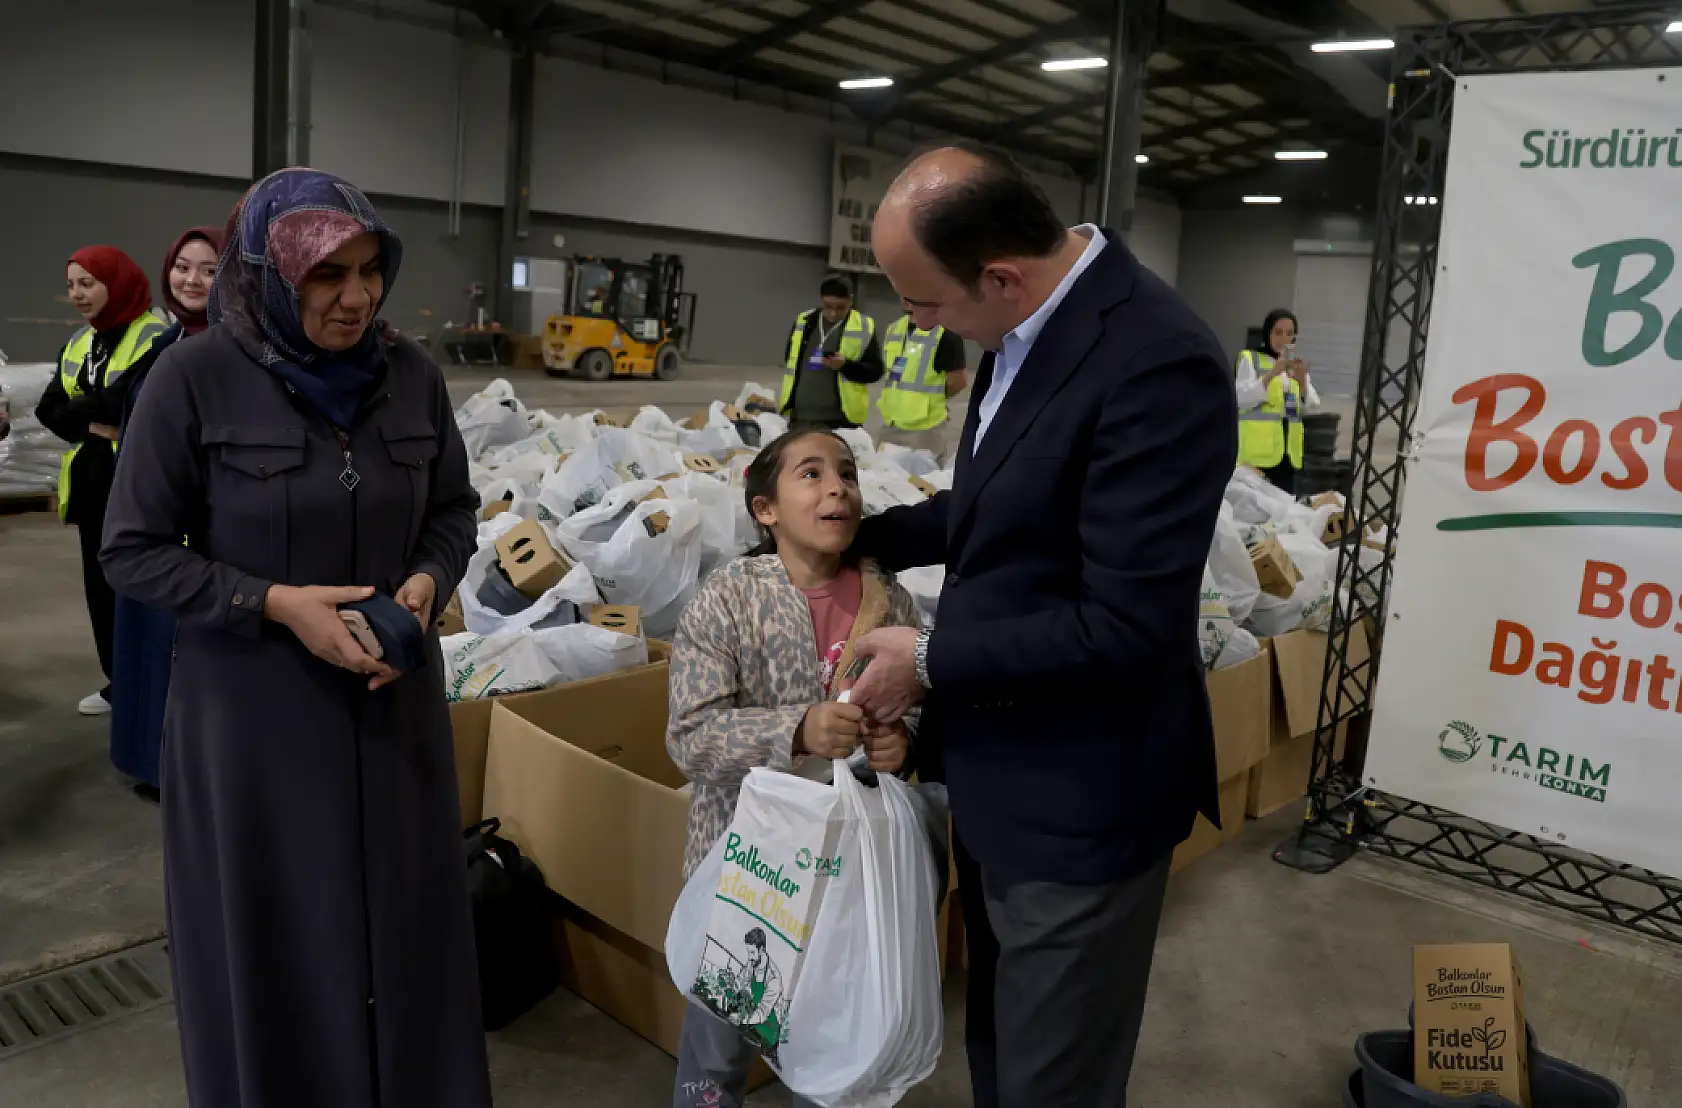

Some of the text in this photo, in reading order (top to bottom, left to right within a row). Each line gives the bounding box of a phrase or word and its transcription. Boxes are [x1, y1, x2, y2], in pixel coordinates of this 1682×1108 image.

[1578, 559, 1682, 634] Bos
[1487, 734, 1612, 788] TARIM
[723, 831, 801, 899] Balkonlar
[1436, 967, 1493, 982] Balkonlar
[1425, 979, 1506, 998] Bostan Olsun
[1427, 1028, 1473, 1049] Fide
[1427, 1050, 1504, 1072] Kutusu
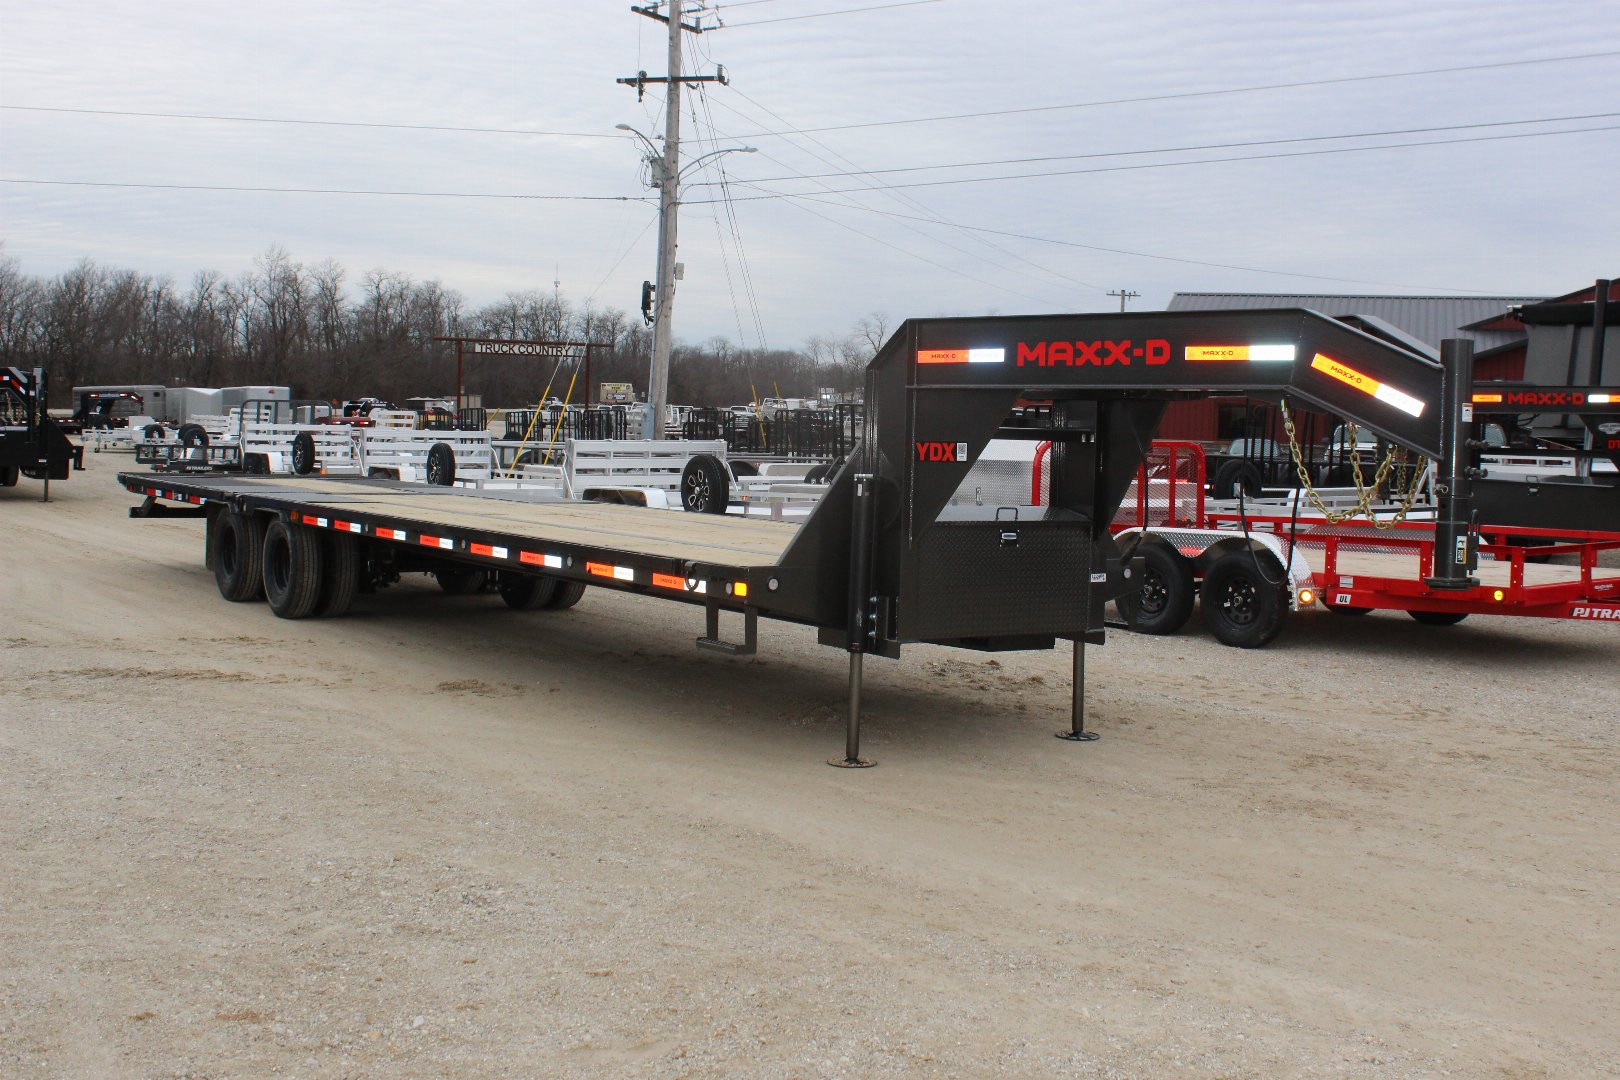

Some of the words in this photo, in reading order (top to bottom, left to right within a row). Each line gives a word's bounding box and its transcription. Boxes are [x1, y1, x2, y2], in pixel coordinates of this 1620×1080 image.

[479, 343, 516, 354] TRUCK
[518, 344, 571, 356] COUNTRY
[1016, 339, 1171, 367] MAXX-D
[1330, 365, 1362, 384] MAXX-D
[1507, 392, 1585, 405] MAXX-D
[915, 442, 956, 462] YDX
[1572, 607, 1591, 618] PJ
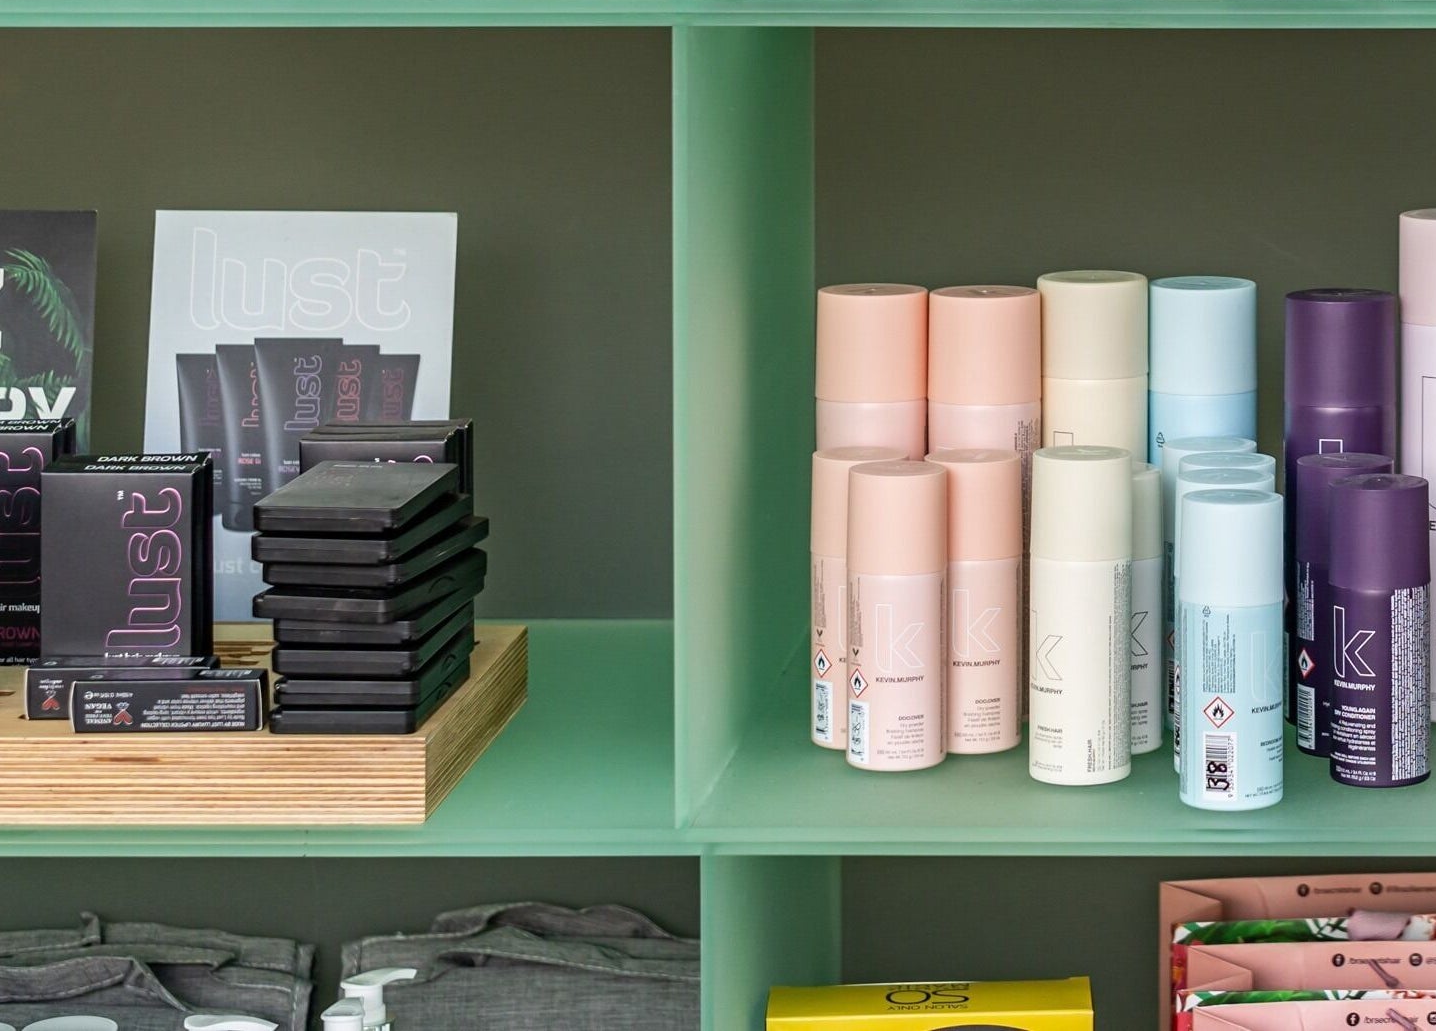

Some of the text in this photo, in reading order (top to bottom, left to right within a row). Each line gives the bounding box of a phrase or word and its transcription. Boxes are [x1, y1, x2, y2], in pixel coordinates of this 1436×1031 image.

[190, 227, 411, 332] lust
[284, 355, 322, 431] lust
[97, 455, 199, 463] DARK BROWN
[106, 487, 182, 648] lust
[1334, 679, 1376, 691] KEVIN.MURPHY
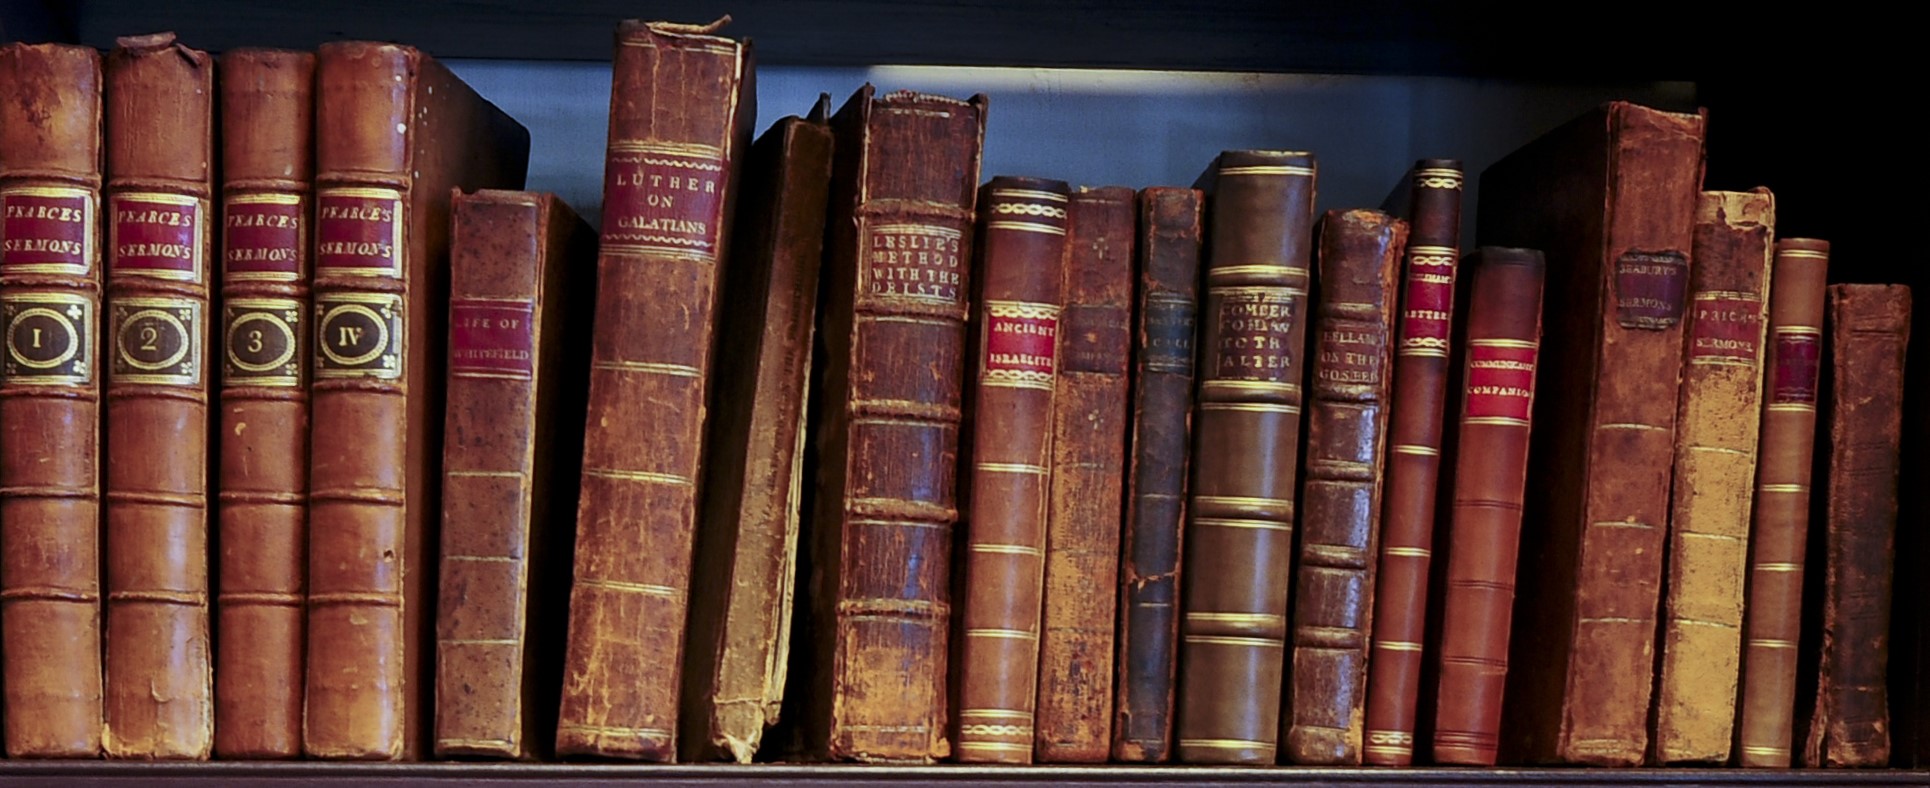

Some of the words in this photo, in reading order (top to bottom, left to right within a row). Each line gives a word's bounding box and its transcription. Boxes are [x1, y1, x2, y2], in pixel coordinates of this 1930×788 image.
◆ ◆ ◆
» **Exercise objective**: In your copy of the data above, leave out the pictures and repeat everything else exactly.

» **Response to this task**:
Some of the text in this photo, in reading order (top to bottom, left to right within a row). Each line gives the bounding box of a phrase or word and its transcription. Boxes are [x1, y1, x2, y2], in pixel coordinates of this 1682×1108 image.

[1578, 559, 1682, 634] Bos
[1487, 734, 1612, 788] TARIM
[723, 831, 801, 899] Balkonlar
[1436, 967, 1493, 982] Balkonlar
[1425, 979, 1506, 998] Bostan Olsun
[1427, 1028, 1473, 1049] Fide
[1427, 1050, 1504, 1072] Kutusu

Some of the words in this photo, in reading order (top to bottom, left to right within a row). Each line gives a word's bounding box and its transcription. Boxes are [x1, y1, x2, y2], in pixel coordinates of this 1620×1080 image.

[479, 343, 516, 354] TRUCK
[518, 344, 571, 356] COUNTRY
[1016, 339, 1171, 367] MAXX-D
[1330, 365, 1362, 384] MAXX-D
[1507, 392, 1585, 405] MAXX-D
[915, 442, 956, 462] YDX
[1572, 607, 1591, 618] PJ

Some of the text in this photo, in reading order (top to bottom, left to right within a row). Each line gives the bounding box of a phrase or word and its transcription. Boxes are [x1, y1, x2, y2], in pixel coordinates of this 1436×1031 image.

[190, 227, 411, 332] lust
[284, 355, 322, 431] lust
[97, 455, 199, 463] DARK BROWN
[106, 487, 182, 648] lust
[1334, 679, 1376, 691] KEVIN.MURPHY

Some of the words in this photo, in reading order (top to bottom, left to right within a row). Each line gives a word's bounding box and its transcription. Boxes are [x1, y1, x2, y2], in pixel coordinates of this 1930×788 image.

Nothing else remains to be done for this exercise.